Around age 40, the ability to sense when you’re losing your balance begins to fade, warns Brian Maki, a bioengineer and University of Toronto professor who studies balance and mobility at Toronto’s Sunnybrook and Women’s College Health Sciences Centre. Cells that measure pressure in the soles of the feet start to disappear so the brain doesn’t get a clear message of what’s underfoot. As Brian observes,
“The skin becomes less elastic, and there are more ridges and calluses. Even healthy older adults can have a profound loss of this pressure sensation yet have no idea there’s a problem.
Balance relies on so many things. You have to be able to sense where your body is and when you’re unstable. The brain has to integrate sensory information from the inner ears, from vision, from proprioceptors (sensors in muscles, tendons and joints that tell the brain where the limbs are positioned) and from pressure sensors in the soles of the feet. Once it has processed the information, the brain sends the commands to the muscles. Then the muscles have to have enough strength and there has to be enough range of motion to generate the required action, whether it’s stepping or grasping.”
Even if you’ve been an avid golfer, a fiend for tennis, loved playing hockey or zooming downhill on skis, you can’t assume you’ve retained your sense of balance.
“All of that sensory information is deteriorating as you get older because of loss of sensory cells and changes to the sensory receptors,” says Maki. “And the brain is less able to process that information because of loss of neurons in the brain. All of those parts of the picture are affected by aging.”

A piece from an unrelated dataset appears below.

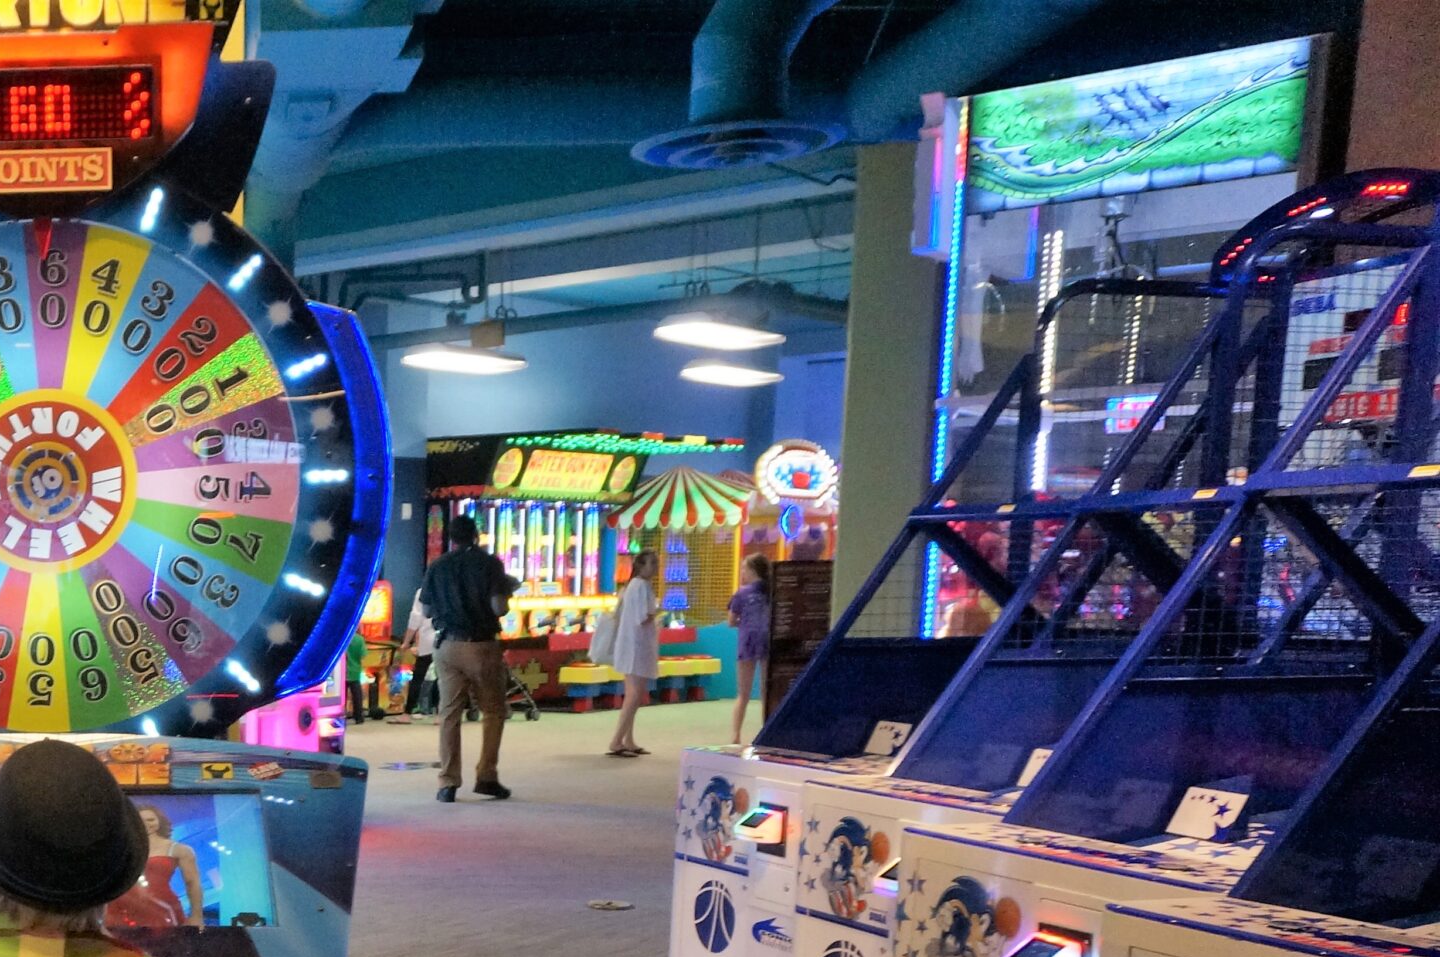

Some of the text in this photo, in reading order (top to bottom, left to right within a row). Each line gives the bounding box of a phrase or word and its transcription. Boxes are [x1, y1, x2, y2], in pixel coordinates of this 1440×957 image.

One foot in front of the other
Simply walking – at any age – involves subtle adjustments to remain stable while the body shifts sideways over the leg that’s contacting the ground. When someone loses balance, they instinctively try to recover by taking a step to get the body’s centre of gravity over a supporting leg. Maki’s research indicates older adults have a problem controlling side-to-side balance – crucial because a lateral fall can end in a hip fracture. Unlike younger people who recover with one step, older adults often take several steps and use their arms to grab for support. And unfortunately, their grasping reactions are slower than in younger people.
Excessive alcohol consumption and side effects from medications can lead to falls, but ongoing problems with instability should be reported to a physician. Exercising to strengthen muscles around knees and hips helps prevent falls and serious injury.

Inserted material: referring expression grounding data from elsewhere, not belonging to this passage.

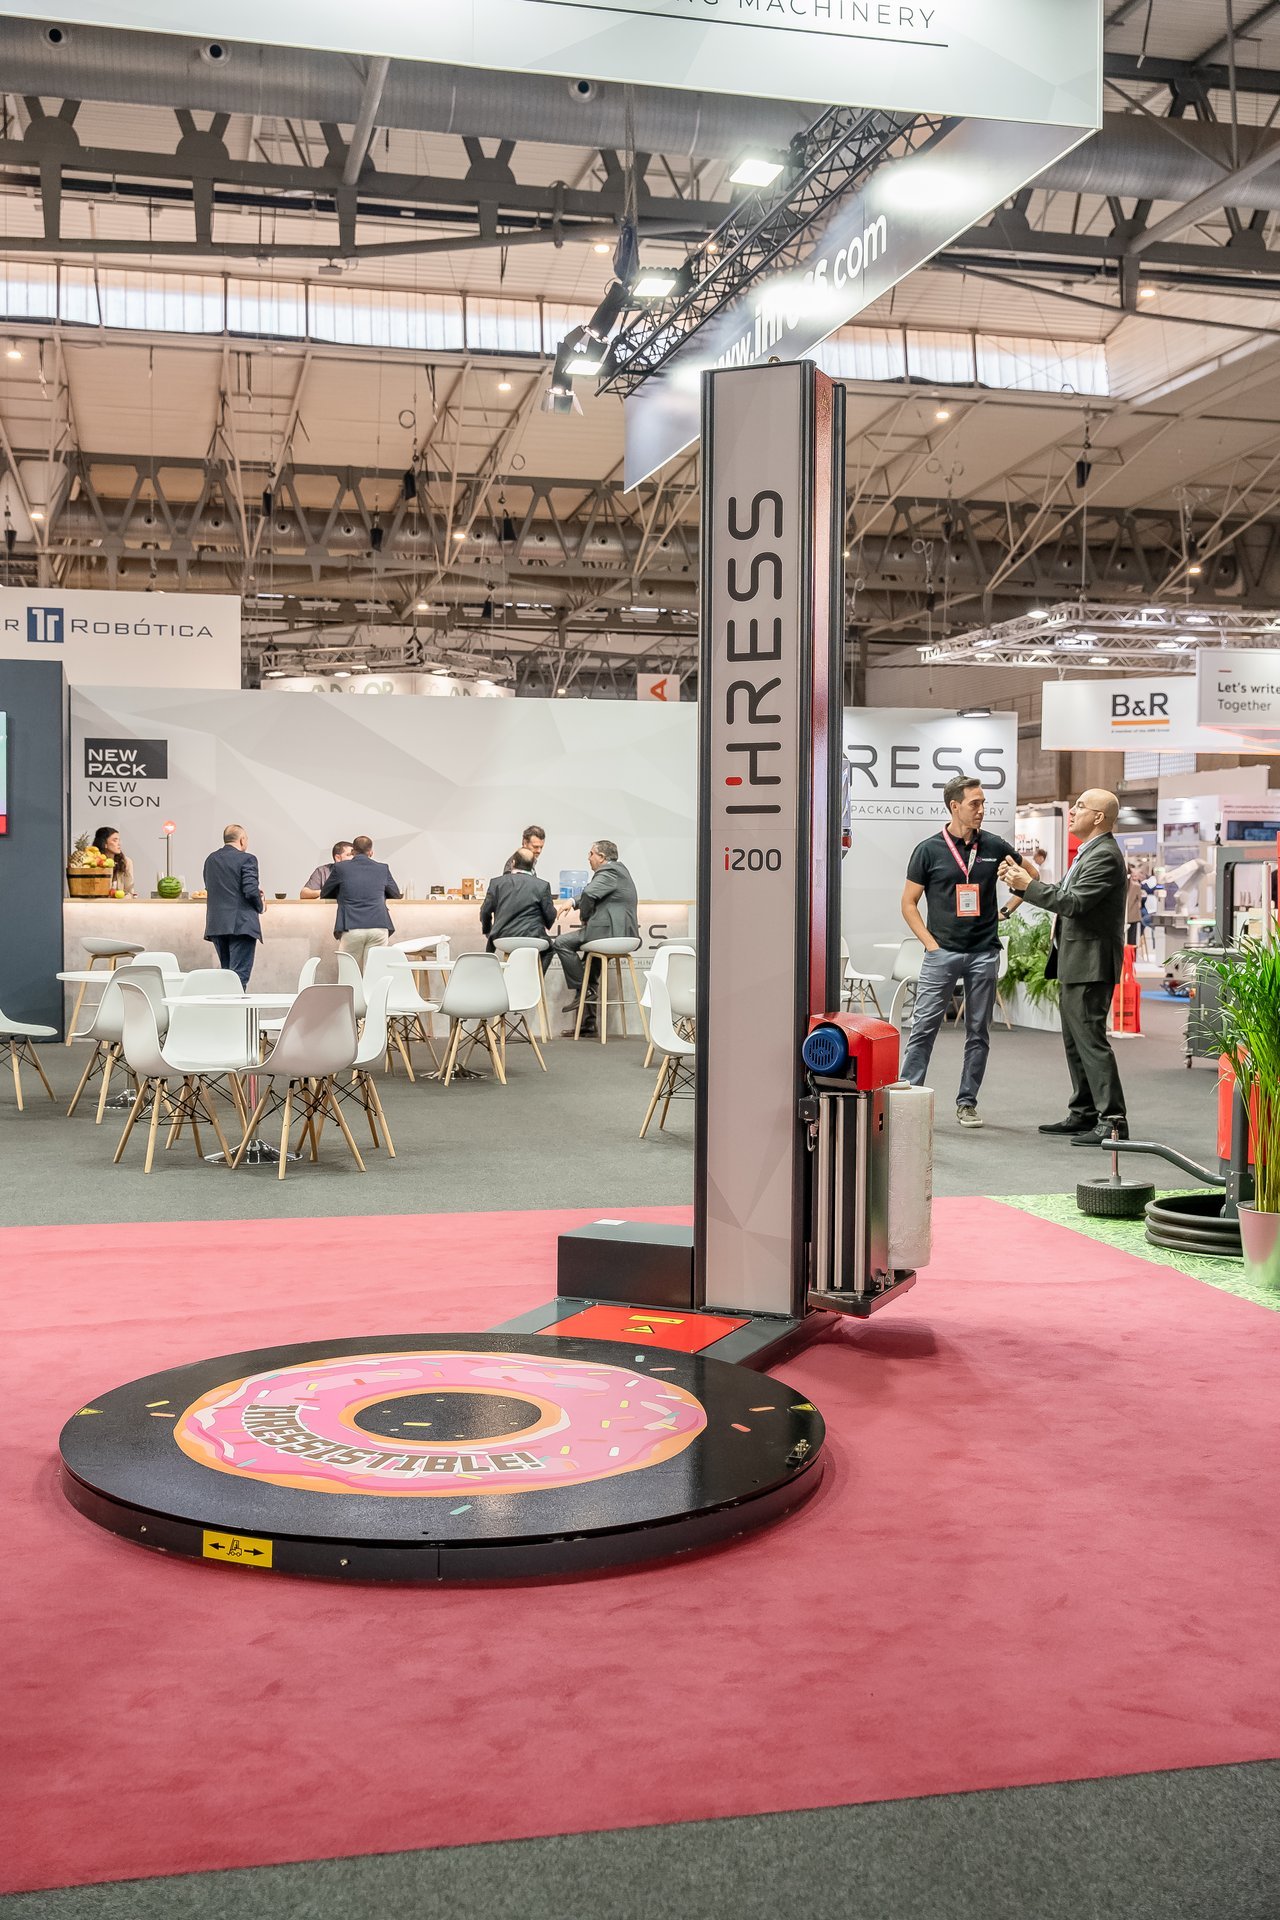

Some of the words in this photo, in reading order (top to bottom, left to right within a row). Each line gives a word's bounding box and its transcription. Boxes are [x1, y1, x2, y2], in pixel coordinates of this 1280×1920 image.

[71, 617, 213, 638] ROBÓTICA
[1217, 682, 1247, 693] Let's
[1250, 683, 1280, 694] write
[1111, 692, 1169, 717] B&R
[1217, 699, 1271, 713] Together
[88, 749, 138, 762] NEW
[88, 763, 147, 777] PACK
[89, 781, 137, 793] NEW
[88, 795, 161, 808] VISION
[851, 805, 924, 815] PACKAGING
[724, 847, 782, 871] i200

“Tai Chi focuses a lot on lower limb strength,” Say Dr. Bruce McFarlane, a physician and medical director at the Taoist Tai Chi Society’s Health Recovery Centre in Orangeville, Ont. “After age 60, we start to lose significant muscle strength, up to 30 percent. We don’t need to lose it, but in our culture, we deprive ourselves of motion. Tai Chi is a physical art. You become more aware of your body, how it’s moving. If you stumble and have to throw your arm out to regain balance, you have a much better chance of correcting as you start to fall if your shoulders, elbows and wrists can move in full range.”
Good balance keeps you mobile
Can we do anything to protect ourselves and bring our sense of balance up to par?
Happily, the answer is yes. Building strength through exercise is a good first step. You can help yourself stay safer by becoming active now – and it’s not difficult or expensive. Along with simple activities such as dance, yoga, pilates and wobble boards, Tai Chi is one of the most effective things you can do and has both physical and social benefits. Its slow, graceful movements have proven to have a profound effect in improving balance and preventing falls.
“Balance is quite fundamental to normal daily activities such as walking, shopping, doing household chores and thus maintaining independence,” acknowledges Dr. Kathryn Berg, a physiotherapist and associate director of the school of physical and occupational therapy at Montreal’s McGill University.
Berg developed a 14-point scale, now used in many parts of the world, which is designed to measure the balancing ability of frail elderly people, many with neurological disorders or recovering from strokes. She observes that balance can be maintained by exercise.
“If people include movements that help them gain control of their posture and attain a sense of awareness, they can improve their balance,” she says. “It doesn’t have to be a downward decline.”
Defining balance as “maintaining your centre of gravity under various situations,” Berg notes that such exercises as shifting weight from one limb to another, standing on one leg and changing direction – all elements of Tai Chi – allow participants to get a feel for their balance. And so does dancing, she adds. “In fact, one person I studied who was very good at standing on one leg had done Scottish dancing for a long time.”
Keep your sole sensation
Maki’s lab is developing an insole to compensate for failing sensors in the feet and it seems to work. Raised bumps around the perimeter dig into the skin slightly when the body weight shifts as balance is lost, increasing sensation. “The trick is to design it so it’s not uncomfortable,” adds Maki.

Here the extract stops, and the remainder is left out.